The entries follow. Print each one exactly.

#### Supplied data:
· · · · ·

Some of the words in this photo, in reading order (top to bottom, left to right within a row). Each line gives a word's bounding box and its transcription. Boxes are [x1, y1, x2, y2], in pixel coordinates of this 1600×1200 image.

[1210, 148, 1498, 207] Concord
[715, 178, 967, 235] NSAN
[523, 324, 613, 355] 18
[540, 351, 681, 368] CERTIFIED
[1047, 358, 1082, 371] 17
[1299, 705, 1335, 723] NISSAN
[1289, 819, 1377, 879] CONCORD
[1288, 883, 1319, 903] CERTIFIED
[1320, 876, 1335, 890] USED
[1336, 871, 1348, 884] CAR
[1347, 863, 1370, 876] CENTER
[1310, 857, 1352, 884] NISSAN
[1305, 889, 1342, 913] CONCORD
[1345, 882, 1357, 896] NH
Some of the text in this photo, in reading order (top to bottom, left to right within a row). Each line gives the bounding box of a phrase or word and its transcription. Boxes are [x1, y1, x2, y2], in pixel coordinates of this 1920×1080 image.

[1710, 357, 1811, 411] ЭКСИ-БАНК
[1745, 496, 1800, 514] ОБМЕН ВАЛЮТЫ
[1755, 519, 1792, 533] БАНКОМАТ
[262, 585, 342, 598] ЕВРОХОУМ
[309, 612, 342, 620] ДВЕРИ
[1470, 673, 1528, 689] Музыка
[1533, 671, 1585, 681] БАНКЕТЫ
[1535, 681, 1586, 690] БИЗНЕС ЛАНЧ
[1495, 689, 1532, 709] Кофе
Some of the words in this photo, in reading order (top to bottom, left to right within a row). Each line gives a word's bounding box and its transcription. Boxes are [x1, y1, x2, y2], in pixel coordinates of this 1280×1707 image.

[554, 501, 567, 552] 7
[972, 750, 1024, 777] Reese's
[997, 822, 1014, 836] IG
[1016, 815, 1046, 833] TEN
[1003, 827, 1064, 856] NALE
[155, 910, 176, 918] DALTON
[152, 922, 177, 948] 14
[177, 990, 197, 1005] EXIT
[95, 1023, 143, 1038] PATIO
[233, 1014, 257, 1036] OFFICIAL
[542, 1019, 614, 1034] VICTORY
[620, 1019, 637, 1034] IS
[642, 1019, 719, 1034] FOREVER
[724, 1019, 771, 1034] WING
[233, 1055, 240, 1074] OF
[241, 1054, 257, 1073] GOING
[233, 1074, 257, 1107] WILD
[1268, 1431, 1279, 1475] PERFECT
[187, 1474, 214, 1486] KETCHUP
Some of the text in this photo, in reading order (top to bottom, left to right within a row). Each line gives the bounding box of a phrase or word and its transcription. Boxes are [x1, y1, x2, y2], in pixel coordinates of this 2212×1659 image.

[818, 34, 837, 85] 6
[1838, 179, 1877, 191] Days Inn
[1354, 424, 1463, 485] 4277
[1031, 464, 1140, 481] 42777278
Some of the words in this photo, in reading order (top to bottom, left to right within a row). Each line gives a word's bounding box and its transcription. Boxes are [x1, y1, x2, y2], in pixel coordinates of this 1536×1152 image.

· · · · ·

#### Written solution:
Some of the words in this photo, in reading order (top to bottom, left to right within a row). Each line gives a word's bounding box and its transcription. Boxes are [x1, y1, x2, y2], in pixel coordinates of this 1600×1200 image.

[1210, 148, 1498, 207] Concord
[715, 178, 967, 235] NSAN
[523, 324, 613, 355] 18
[540, 351, 681, 368] CERTIFIED
[1047, 358, 1082, 371] 17
[1299, 705, 1335, 723] NISSAN
[1289, 819, 1377, 879] CONCORD
[1288, 883, 1319, 903] CERTIFIED
[1320, 876, 1335, 890] USED
[1336, 871, 1348, 884] CAR
[1347, 863, 1370, 876] CENTER
[1310, 857, 1352, 884] NISSAN
[1305, 889, 1342, 913] CONCORD
[1345, 882, 1357, 896] NH
Some of the text in this photo, in reading order (top to bottom, left to right within a row). Each line gives the bounding box of a phrase or word and its transcription. Boxes are [x1, y1, x2, y2], in pixel coordinates of this 1920×1080 image.

[1710, 357, 1811, 411] ЭКСИ-БАНК
[1745, 496, 1800, 514] ОБМЕН ВАЛЮТЫ
[1755, 519, 1792, 533] БАНКОМАТ
[262, 585, 342, 598] ЕВРОХОУМ
[309, 612, 342, 620] ДВЕРИ
[1470, 673, 1528, 689] Музыка
[1533, 671, 1585, 681] БАНКЕТЫ
[1535, 681, 1586, 690] БИЗНЕС ЛАНЧ
[1495, 689, 1532, 709] Кофе
Some of the words in this photo, in reading order (top to bottom, left to right within a row). Each line gives a word's bounding box and its transcription. Boxes are [x1, y1, x2, y2], in pixel coordinates of this 1280×1707 image.

[554, 501, 567, 552] 7
[972, 750, 1024, 777] Reese's
[997, 822, 1014, 836] IG
[1016, 815, 1046, 833] TEN
[1003, 827, 1064, 856] NALE
[155, 910, 176, 918] DALTON
[152, 922, 177, 948] 14
[177, 990, 197, 1005] EXIT
[95, 1023, 143, 1038] PATIO
[233, 1014, 257, 1036] OFFICIAL
[542, 1019, 614, 1034] VICTORY
[620, 1019, 637, 1034] IS
[642, 1019, 719, 1034] FOREVER
[724, 1019, 771, 1034] WING
[233, 1055, 240, 1074] OF
[241, 1054, 257, 1073] GOING
[233, 1074, 257, 1107] WILD
[1268, 1431, 1279, 1475] PERFECT
[187, 1474, 214, 1486] KETCHUP
Some of the text in this photo, in reading order (top to bottom, left to right within a row). Each line gives the bounding box of a phrase or word and its transcription. Boxes are [x1, y1, x2, y2], in pixel coordinates of this 2212×1659 image.

[818, 34, 837, 85] 6
[1838, 179, 1877, 191] Days Inn
[1354, 424, 1463, 485] 4277
[1031, 464, 1140, 481] 42777278
Some of the words in this photo, in reading order (top to bottom, left to right within a row). Each line gives a word's bounding box and its transcription. Boxes are [x1, y1, x2, y2], in pixel coordinates of this 1536×1152 image.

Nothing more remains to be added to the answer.